- Opening Delimiter -
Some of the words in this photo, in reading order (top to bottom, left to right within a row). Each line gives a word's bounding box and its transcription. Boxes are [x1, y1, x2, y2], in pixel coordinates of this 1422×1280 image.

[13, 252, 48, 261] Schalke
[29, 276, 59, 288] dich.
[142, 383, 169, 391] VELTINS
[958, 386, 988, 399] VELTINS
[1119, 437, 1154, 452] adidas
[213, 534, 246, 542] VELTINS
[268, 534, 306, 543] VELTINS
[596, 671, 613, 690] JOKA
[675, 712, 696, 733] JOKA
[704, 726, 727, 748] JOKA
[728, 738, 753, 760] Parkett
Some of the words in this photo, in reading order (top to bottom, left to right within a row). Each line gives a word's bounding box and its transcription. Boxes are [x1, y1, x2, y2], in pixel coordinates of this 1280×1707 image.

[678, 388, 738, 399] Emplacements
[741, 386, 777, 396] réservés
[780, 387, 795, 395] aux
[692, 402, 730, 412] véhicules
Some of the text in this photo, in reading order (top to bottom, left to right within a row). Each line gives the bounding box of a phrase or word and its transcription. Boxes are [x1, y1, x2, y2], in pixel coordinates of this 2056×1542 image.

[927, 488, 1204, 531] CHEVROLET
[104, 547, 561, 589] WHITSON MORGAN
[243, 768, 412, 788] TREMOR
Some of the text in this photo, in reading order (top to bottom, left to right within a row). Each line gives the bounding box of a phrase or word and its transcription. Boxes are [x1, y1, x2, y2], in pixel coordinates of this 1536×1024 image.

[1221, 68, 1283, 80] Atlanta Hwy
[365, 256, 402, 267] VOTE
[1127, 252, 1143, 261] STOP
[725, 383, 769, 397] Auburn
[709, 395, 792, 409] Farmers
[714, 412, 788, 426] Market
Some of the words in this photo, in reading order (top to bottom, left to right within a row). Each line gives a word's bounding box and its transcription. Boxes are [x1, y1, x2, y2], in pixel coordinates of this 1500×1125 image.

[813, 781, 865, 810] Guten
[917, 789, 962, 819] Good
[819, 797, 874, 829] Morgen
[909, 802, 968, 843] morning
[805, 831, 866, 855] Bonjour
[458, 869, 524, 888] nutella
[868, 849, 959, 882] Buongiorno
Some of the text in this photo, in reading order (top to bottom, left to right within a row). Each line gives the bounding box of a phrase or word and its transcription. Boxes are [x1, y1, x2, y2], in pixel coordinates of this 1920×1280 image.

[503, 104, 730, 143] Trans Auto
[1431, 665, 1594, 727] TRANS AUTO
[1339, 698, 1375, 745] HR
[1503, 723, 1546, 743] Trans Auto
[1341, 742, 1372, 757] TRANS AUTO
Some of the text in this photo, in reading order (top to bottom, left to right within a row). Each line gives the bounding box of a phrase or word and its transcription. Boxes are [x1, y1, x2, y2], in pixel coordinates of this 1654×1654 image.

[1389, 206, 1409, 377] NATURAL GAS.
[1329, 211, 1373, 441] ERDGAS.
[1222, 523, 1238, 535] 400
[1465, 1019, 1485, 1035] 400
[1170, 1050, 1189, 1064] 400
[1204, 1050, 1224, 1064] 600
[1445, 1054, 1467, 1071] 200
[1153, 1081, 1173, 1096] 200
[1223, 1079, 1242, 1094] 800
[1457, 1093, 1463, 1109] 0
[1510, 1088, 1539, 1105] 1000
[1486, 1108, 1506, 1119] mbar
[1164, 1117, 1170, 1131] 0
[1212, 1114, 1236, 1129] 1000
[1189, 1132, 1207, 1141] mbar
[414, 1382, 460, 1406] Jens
- Closing Delimiter -
All the lines above should be written out once more, exactly.

Some of the words in this photo, in reading order (top to bottom, left to right within a row). Each line gives a word's bounding box and its transcription. Boxes are [x1, y1, x2, y2], in pixel coordinates of this 1422×1280 image.

[13, 252, 48, 261] Schalke
[29, 276, 59, 288] dich.
[142, 383, 169, 391] VELTINS
[958, 386, 988, 399] VELTINS
[1119, 437, 1154, 452] adidas
[213, 534, 246, 542] VELTINS
[268, 534, 306, 543] VELTINS
[596, 671, 613, 690] JOKA
[675, 712, 696, 733] JOKA
[704, 726, 727, 748] JOKA
[728, 738, 753, 760] Parkett
Some of the words in this photo, in reading order (top to bottom, left to right within a row). Each line gives a word's bounding box and its transcription. Boxes are [x1, y1, x2, y2], in pixel coordinates of this 1280×1707 image.

[678, 388, 738, 399] Emplacements
[741, 386, 777, 396] réservés
[780, 387, 795, 395] aux
[692, 402, 730, 412] véhicules
Some of the text in this photo, in reading order (top to bottom, left to right within a row). Each line gives the bounding box of a phrase or word and its transcription. Boxes are [x1, y1, x2, y2], in pixel coordinates of this 2056×1542 image.

[927, 488, 1204, 531] CHEVROLET
[104, 547, 561, 589] WHITSON MORGAN
[243, 768, 412, 788] TREMOR
Some of the text in this photo, in reading order (top to bottom, left to right within a row). Each line gives the bounding box of a phrase or word and its transcription. Boxes are [x1, y1, x2, y2], in pixel coordinates of this 1536×1024 image.

[1221, 68, 1283, 80] Atlanta Hwy
[365, 256, 402, 267] VOTE
[1127, 252, 1143, 261] STOP
[725, 383, 769, 397] Auburn
[709, 395, 792, 409] Farmers
[714, 412, 788, 426] Market
Some of the words in this photo, in reading order (top to bottom, left to right within a row). Each line gives a word's bounding box and its transcription. Boxes are [x1, y1, x2, y2], in pixel coordinates of this 1500×1125 image.

[813, 781, 865, 810] Guten
[917, 789, 962, 819] Good
[819, 797, 874, 829] Morgen
[909, 802, 968, 843] morning
[805, 831, 866, 855] Bonjour
[458, 869, 524, 888] nutella
[868, 849, 959, 882] Buongiorno
Some of the text in this photo, in reading order (top to bottom, left to right within a row). Each line gives the bounding box of a phrase or word and its transcription. Boxes are [x1, y1, x2, y2], in pixel coordinates of this 1920×1280 image.

[503, 104, 730, 143] Trans Auto
[1431, 665, 1594, 727] TRANS AUTO
[1339, 698, 1375, 745] HR
[1503, 723, 1546, 743] Trans Auto
[1341, 742, 1372, 757] TRANS AUTO
Some of the text in this photo, in reading order (top to bottom, left to right within a row). Each line gives the bounding box of a phrase or word and its transcription. Boxes are [x1, y1, x2, y2], in pixel coordinates of this 1654×1654 image.

[1389, 206, 1409, 377] NATURAL GAS.
[1329, 211, 1373, 441] ERDGAS.
[1222, 523, 1238, 535] 400
[1465, 1019, 1485, 1035] 400
[1170, 1050, 1189, 1064] 400
[1204, 1050, 1224, 1064] 600
[1445, 1054, 1467, 1071] 200
[1153, 1081, 1173, 1096] 200
[1223, 1079, 1242, 1094] 800
[1457, 1093, 1463, 1109] 0
[1510, 1088, 1539, 1105] 1000
[1486, 1108, 1506, 1119] mbar
[1164, 1117, 1170, 1131] 0
[1212, 1114, 1236, 1129] 1000
[1189, 1132, 1207, 1141] mbar
[414, 1382, 460, 1406] Jens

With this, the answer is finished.